# Medana watches



## Marrick (May 2, 2007)

A few medana watches:

1) Marked antimagnetic - 7 jewel MST 374.

2) Square watch - 17 jewel MST 946

3) Medana special - scalloped bezel - MST 394 - 1 jewel.

4) Medana Lever - FHF 96-4 17 jewels.

There you are.


----------



## YellowPeril (Jan 13, 2012)

I have a nice little Medana but I know very little about it, so if anyone could enlighten me, I'd be most obliged. 
Information on reverse;Stainless steel back, Swiss made, 45073 221


----------



## Marrick (May 2, 2007)

Hi - that is nice.

Medana was a brand used by the Swiss company of Meyer & Studeli. Originally good quality, it later became the budget brand of the company as it chose Roamer as its 'premium' branding. See:

Collection: Meyer & Studeli Watchmakers

Vintage Roamer Watch Site

To say much about your watch, I think we would need to see inside it and have a look at the movement. But as it doesn't refer to jewels on the dial we may find it has a fairly basic movement inside.


----------



## howards4th (Jan 22, 2012)

Great looking watches, The Bob Hope ad is very cool! |>


----------



## YellowPeril (Jan 13, 2012)

I'm relatively new to collecting - do I just pries the back off (this being rectangular) ?


Marrick said:


> Hi - that is nice.
> 
> Medana was a brand used by the Swiss company of Meyer & Studeli. Originally good quality, it later became the budget brand of the company as it chose Roamer as its 'premium' branding. See:
> 
> ...


----------



## Marrick (May 2, 2007)

Probably:

OPENING A VINTAGE WRISTWATCH OR POCKET WATCH CASE

Ideally you use a case knife and most rectangular watches open quite easily. But don't use the crown for leverage as the stems can snap off!


----------



## Mirius (Mar 18, 2011)

Very nice. Yes, just prise off the back, but carefully as your watch looks to be in very nice condition and you don't want to add scratches.

Late Thirties to Early Forties would be my guess and I'd also guess something like an MST 320, but I wait in anticipation!

MST 320 - a set on Flickr


----------



## YellowPeril (Jan 13, 2012)

Having managed to remove the case, on the movement it says 'Swiss made', '7 Jewels' and on the inside of the case back it had either a solitary 6 or 9 stamped, then hand etched in miniscule characters 'KR4002(Z?)


----------



## Marrick (May 2, 2007)

Any chance of a picture? Seven jewels is 'not bad'.:-!
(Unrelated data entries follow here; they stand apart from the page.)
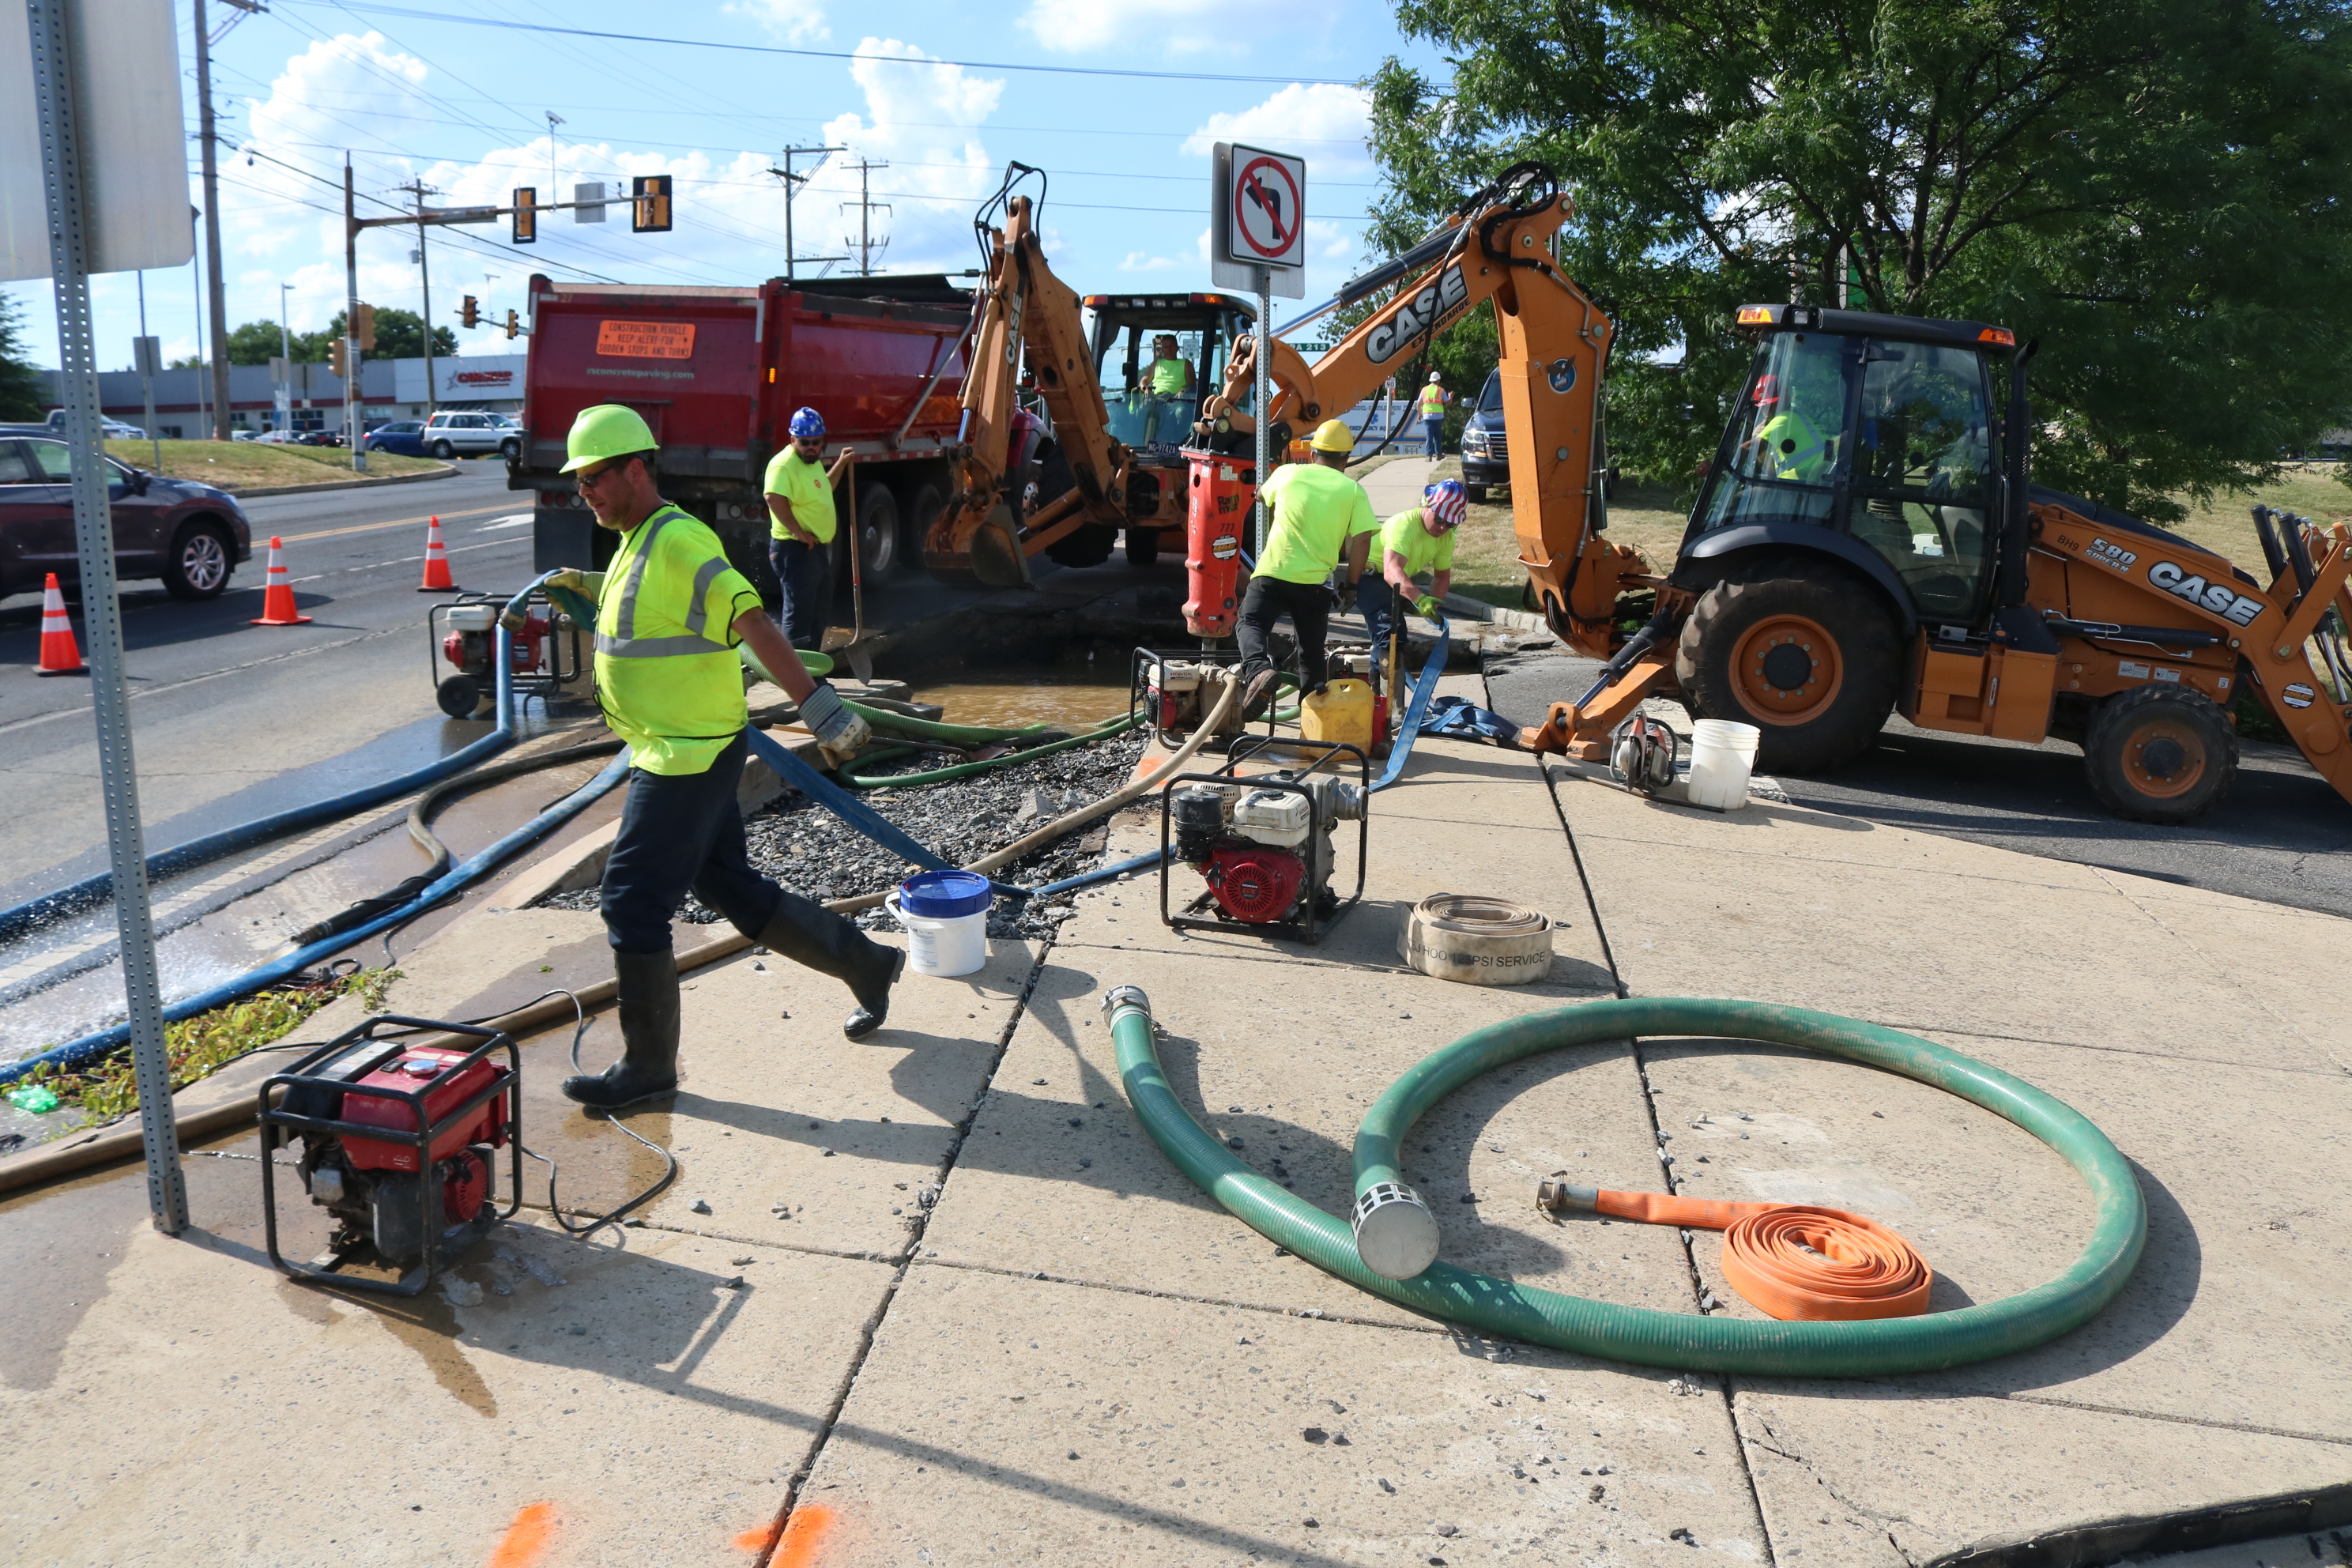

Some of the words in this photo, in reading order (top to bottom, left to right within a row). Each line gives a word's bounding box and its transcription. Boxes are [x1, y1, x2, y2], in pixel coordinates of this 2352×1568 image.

[1366, 265, 1466, 363] CASE
[609, 322, 657, 334] CONSTRUCTION
[661, 325, 686, 334] VEHICLE
[1005, 292, 1022, 364] CASE
[617, 334, 634, 343] KEEP
[638, 335, 658, 344] ALERT
[661, 336, 674, 345] FOR
[598, 344, 624, 352] SUDDEN
[628, 345, 648, 355] STOPS
[651, 347, 665, 356] AND
[669, 348, 690, 356] TURNS
[1220, 523, 1235, 533] 777
[2057, 534, 2079, 552] BH9
[2089, 537, 2138, 565] 580
[2085, 548, 2120, 568] SUPER
[2148, 560, 2266, 627] CASE
[1496, 951, 1545, 967] SERVICE
The hand scratched bit will be a watchmaker's reference - so he could look it up if the watch came back to him.


----------



## Mirius (Mar 18, 2011)

You also need to be a little careful - the continental 1 is easy to confuse with a 7, but yes we really need photos!


----------



## YellowPeril (Jan 13, 2012)

It's definitely a seven (being a graphic designer, I'm used the vagaries of the continent ;-)). Unfortunately my hands shake too much to get a clear picture without me digging my tripod out (and I've put the watch back together) - maybe pictures later.


----------



## YellowPeril (Jan 13, 2012)

I bought it to wear because I really like the look, so value wasn't the issue and it was listed as a 'doctor's watch' which I was aware wasn't correct. However I'm guessing at £24, that I wasn't robbed?


----------



## Mirius (Mar 18, 2011)

It's a fair price for it and it is in better than average condition. Values are however quite variable, I've paid more but I've also paid less. Because these are pin pallet most collectors (Marrick aside) avoid them, though that is somewhat unfair as they are better than the cylinder escapements which preceded them and some of the MST pin pallet movements were quite nice. If it's a 320 as I suspect then it would be one of the first pin pallet calibres that M&ST made.


----------



## YellowPeril (Jan 13, 2012)

Don't suppose you have a picture of the 320 movement, I could then confirm or deny that is what I have?


----------



## Mirius (Mar 18, 2011)

I linked to it above, and to my shame it's a cylinder movement. Memory fail o|



If it is a 320, and I know you said that you know what the continental seven looks like, but I don't think I've yet seen a seven jewel 320, so a photo of one would be good :-!


----------



## YellowPeril (Jan 13, 2012)

The movement is similar but the engineering looks more precise. It doesn't have the 'crescent' shaped cut out from the top to two thirds down and the base material is steel. It is definitely a seven and says jewels in the plural. Where yours says 'Swiss made' following the shape of the 'scalloped' edge, mine says Swiss made with 7 jewels under it centred over two straight lines reading correctly with the bezel pointing towards you.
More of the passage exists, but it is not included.